-------- Data extract --------

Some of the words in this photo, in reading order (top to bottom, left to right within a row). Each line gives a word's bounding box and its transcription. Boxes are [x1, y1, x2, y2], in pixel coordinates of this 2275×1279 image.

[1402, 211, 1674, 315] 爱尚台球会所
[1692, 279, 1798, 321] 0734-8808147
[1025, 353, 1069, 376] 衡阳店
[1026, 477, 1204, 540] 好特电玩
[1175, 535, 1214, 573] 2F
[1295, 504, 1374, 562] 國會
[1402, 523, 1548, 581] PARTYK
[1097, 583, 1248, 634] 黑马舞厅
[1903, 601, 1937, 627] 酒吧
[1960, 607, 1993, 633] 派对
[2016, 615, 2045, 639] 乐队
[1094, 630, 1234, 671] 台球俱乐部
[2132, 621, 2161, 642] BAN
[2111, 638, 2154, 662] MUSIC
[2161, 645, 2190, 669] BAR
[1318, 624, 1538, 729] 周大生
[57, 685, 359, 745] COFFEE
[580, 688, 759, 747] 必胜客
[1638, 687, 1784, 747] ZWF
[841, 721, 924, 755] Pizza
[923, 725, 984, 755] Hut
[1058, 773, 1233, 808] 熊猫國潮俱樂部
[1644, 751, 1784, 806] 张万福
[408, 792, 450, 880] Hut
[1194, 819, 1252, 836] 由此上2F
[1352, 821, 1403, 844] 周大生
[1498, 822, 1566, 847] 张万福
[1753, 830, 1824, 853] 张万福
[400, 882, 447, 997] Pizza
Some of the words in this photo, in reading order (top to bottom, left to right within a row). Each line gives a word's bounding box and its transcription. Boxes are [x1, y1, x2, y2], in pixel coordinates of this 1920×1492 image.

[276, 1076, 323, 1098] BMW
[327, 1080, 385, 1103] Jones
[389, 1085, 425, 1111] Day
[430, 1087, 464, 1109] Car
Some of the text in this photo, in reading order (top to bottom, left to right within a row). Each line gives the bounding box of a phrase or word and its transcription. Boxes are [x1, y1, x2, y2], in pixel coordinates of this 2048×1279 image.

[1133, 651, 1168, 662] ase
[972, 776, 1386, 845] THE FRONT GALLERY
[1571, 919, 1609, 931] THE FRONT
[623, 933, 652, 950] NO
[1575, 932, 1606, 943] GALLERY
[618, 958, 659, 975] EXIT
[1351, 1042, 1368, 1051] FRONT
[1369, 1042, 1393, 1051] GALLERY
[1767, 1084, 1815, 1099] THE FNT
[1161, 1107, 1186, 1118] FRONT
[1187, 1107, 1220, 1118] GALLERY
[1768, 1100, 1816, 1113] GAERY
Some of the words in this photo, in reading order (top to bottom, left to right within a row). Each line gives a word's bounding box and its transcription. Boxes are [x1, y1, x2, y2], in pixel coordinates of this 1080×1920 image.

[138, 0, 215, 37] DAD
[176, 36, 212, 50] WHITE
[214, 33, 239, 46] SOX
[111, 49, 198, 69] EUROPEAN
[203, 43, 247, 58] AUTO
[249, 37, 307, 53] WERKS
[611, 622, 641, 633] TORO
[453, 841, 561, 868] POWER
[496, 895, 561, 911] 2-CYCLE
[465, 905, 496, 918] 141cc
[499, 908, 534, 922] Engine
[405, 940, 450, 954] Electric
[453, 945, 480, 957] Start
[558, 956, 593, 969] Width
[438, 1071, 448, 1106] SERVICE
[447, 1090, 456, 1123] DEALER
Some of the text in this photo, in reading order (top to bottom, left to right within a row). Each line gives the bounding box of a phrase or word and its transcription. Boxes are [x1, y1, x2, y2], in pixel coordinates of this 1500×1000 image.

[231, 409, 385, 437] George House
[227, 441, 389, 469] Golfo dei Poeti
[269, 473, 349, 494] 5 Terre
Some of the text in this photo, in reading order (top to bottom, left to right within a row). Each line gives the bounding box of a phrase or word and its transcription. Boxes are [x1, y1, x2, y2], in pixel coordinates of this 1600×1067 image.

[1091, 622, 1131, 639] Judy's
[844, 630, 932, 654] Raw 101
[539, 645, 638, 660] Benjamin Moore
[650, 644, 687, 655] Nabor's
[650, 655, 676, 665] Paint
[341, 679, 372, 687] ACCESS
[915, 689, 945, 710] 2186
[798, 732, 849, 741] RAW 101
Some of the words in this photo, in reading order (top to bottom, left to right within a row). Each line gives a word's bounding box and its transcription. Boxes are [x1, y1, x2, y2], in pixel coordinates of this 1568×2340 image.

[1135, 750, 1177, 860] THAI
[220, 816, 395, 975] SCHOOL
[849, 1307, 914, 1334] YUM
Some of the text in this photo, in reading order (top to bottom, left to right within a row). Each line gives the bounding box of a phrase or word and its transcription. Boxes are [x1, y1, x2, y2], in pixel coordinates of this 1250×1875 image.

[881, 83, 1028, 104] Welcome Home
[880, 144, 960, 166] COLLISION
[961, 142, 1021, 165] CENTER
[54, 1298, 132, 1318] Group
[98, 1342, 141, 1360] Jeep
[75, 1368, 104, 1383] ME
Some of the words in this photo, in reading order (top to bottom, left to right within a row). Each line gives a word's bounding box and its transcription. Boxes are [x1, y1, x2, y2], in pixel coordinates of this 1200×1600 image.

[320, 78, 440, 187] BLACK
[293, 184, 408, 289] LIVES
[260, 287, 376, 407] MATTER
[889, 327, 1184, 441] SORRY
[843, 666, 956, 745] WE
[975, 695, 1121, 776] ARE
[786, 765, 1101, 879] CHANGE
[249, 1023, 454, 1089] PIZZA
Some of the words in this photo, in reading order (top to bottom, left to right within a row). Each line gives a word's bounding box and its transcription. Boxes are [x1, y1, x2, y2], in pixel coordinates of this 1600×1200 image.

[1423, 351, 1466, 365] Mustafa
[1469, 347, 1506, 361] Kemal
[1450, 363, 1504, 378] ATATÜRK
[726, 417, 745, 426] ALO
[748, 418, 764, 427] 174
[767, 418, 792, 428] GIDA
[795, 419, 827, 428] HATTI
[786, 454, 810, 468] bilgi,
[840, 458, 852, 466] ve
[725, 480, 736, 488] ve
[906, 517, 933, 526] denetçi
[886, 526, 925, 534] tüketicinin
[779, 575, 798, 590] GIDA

--------

• [To do]
Copy out the records shown above, every one, exactly.

• [Result]
Some of the words in this photo, in reading order (top to bottom, left to right within a row). Each line gives a word's bounding box and its transcription. Boxes are [x1, y1, x2, y2], in pixel coordinates of this 2275×1279 image.

[1402, 211, 1674, 315] 爱尚台球会所
[1692, 279, 1798, 321] 0734-8808147
[1025, 353, 1069, 376] 衡阳店
[1026, 477, 1204, 540] 好特电玩
[1175, 535, 1214, 573] 2F
[1295, 504, 1374, 562] 國會
[1402, 523, 1548, 581] PARTYK
[1097, 583, 1248, 634] 黑马舞厅
[1903, 601, 1937, 627] 酒吧
[1960, 607, 1993, 633] 派对
[2016, 615, 2045, 639] 乐队
[1094, 630, 1234, 671] 台球俱乐部
[2132, 621, 2161, 642] BAN
[2111, 638, 2154, 662] MUSIC
[2161, 645, 2190, 669] BAR
[1318, 624, 1538, 729] 周大生
[57, 685, 359, 745] COFFEE
[580, 688, 759, 747] 必胜客
[1638, 687, 1784, 747] ZWF
[841, 721, 924, 755] Pizza
[923, 725, 984, 755] Hut
[1058, 773, 1233, 808] 熊猫國潮俱樂部
[1644, 751, 1784, 806] 张万福
[408, 792, 450, 880] Hut
[1194, 819, 1252, 836] 由此上2F
[1352, 821, 1403, 844] 周大生
[1498, 822, 1566, 847] 张万福
[1753, 830, 1824, 853] 张万福
[400, 882, 447, 997] Pizza
Some of the words in this photo, in reading order (top to bottom, left to right within a row). Each line gives a word's bounding box and its transcription. Boxes are [x1, y1, x2, y2], in pixel coordinates of this 1920×1492 image.

[276, 1076, 323, 1098] BMW
[327, 1080, 385, 1103] Jones
[389, 1085, 425, 1111] Day
[430, 1087, 464, 1109] Car
Some of the text in this photo, in reading order (top to bottom, left to right within a row). Each line gives the bounding box of a phrase or word and its transcription. Boxes are [x1, y1, x2, y2], in pixel coordinates of this 2048×1279 image.

[1133, 651, 1168, 662] ase
[972, 776, 1386, 845] THE FRONT GALLERY
[1571, 919, 1609, 931] THE FRONT
[623, 933, 652, 950] NO
[1575, 932, 1606, 943] GALLERY
[618, 958, 659, 975] EXIT
[1351, 1042, 1368, 1051] FRONT
[1369, 1042, 1393, 1051] GALLERY
[1767, 1084, 1815, 1099] THE FNT
[1161, 1107, 1186, 1118] FRONT
[1187, 1107, 1220, 1118] GALLERY
[1768, 1100, 1816, 1113] GAERY
Some of the words in this photo, in reading order (top to bottom, left to right within a row). Each line gives a word's bounding box and its transcription. Boxes are [x1, y1, x2, y2], in pixel coordinates of this 1080×1920 image.

[138, 0, 215, 37] DAD
[176, 36, 212, 50] WHITE
[214, 33, 239, 46] SOX
[111, 49, 198, 69] EUROPEAN
[203, 43, 247, 58] AUTO
[249, 37, 307, 53] WERKS
[611, 622, 641, 633] TORO
[453, 841, 561, 868] POWER
[496, 895, 561, 911] 2-CYCLE
[465, 905, 496, 918] 141cc
[499, 908, 534, 922] Engine
[405, 940, 450, 954] Electric
[453, 945, 480, 957] Start
[558, 956, 593, 969] Width
[438, 1071, 448, 1106] SERVICE
[447, 1090, 456, 1123] DEALER
Some of the text in this photo, in reading order (top to bottom, left to right within a row). Each line gives the bounding box of a phrase or word and its transcription. Boxes are [x1, y1, x2, y2], in pixel coordinates of this 1500×1000 image.

[231, 409, 385, 437] George House
[227, 441, 389, 469] Golfo dei Poeti
[269, 473, 349, 494] 5 Terre
Some of the text in this photo, in reading order (top to bottom, left to right within a row). Each line gives the bounding box of a phrase or word and its transcription. Boxes are [x1, y1, x2, y2], in pixel coordinates of this 1600×1067 image.

[1091, 622, 1131, 639] Judy's
[844, 630, 932, 654] Raw 101
[539, 645, 638, 660] Benjamin Moore
[650, 644, 687, 655] Nabor's
[650, 655, 676, 665] Paint
[341, 679, 372, 687] ACCESS
[915, 689, 945, 710] 2186
[798, 732, 849, 741] RAW 101
Some of the words in this photo, in reading order (top to bottom, left to right within a row). Each line gives a word's bounding box and its transcription. Boxes are [x1, y1, x2, y2], in pixel coordinates of this 1568×2340 image.

[1135, 750, 1177, 860] THAI
[220, 816, 395, 975] SCHOOL
[849, 1307, 914, 1334] YUM
Some of the text in this photo, in reading order (top to bottom, left to right within a row). Each line gives the bounding box of a phrase or word and its transcription. Boxes are [x1, y1, x2, y2], in pixel coordinates of this 1250×1875 image.

[881, 83, 1028, 104] Welcome Home
[880, 144, 960, 166] COLLISION
[961, 142, 1021, 165] CENTER
[54, 1298, 132, 1318] Group
[98, 1342, 141, 1360] Jeep
[75, 1368, 104, 1383] ME
Some of the words in this photo, in reading order (top to bottom, left to right within a row). Each line gives a word's bounding box and its transcription. Boxes are [x1, y1, x2, y2], in pixel coordinates of this 1200×1600 image.

[320, 78, 440, 187] BLACK
[293, 184, 408, 289] LIVES
[260, 287, 376, 407] MATTER
[889, 327, 1184, 441] SORRY
[843, 666, 956, 745] WE
[975, 695, 1121, 776] ARE
[786, 765, 1101, 879] CHANGE
[249, 1023, 454, 1089] PIZZA
Some of the words in this photo, in reading order (top to bottom, left to right within a row). Each line gives a word's bounding box and its transcription. Boxes are [x1, y1, x2, y2], in pixel coordinates of this 1600×1200 image.

[1423, 351, 1466, 365] Mustafa
[1469, 347, 1506, 361] Kemal
[1450, 363, 1504, 378] ATATÜRK
[726, 417, 745, 426] ALO
[748, 418, 764, 427] 174
[767, 418, 792, 428] GIDA
[795, 419, 827, 428] HATTI
[786, 454, 810, 468] bilgi,
[840, 458, 852, 466] ve
[725, 480, 736, 488] ve
[906, 517, 933, 526] denetçi
[886, 526, 925, 534] tüketicinin
[779, 575, 798, 590] GIDA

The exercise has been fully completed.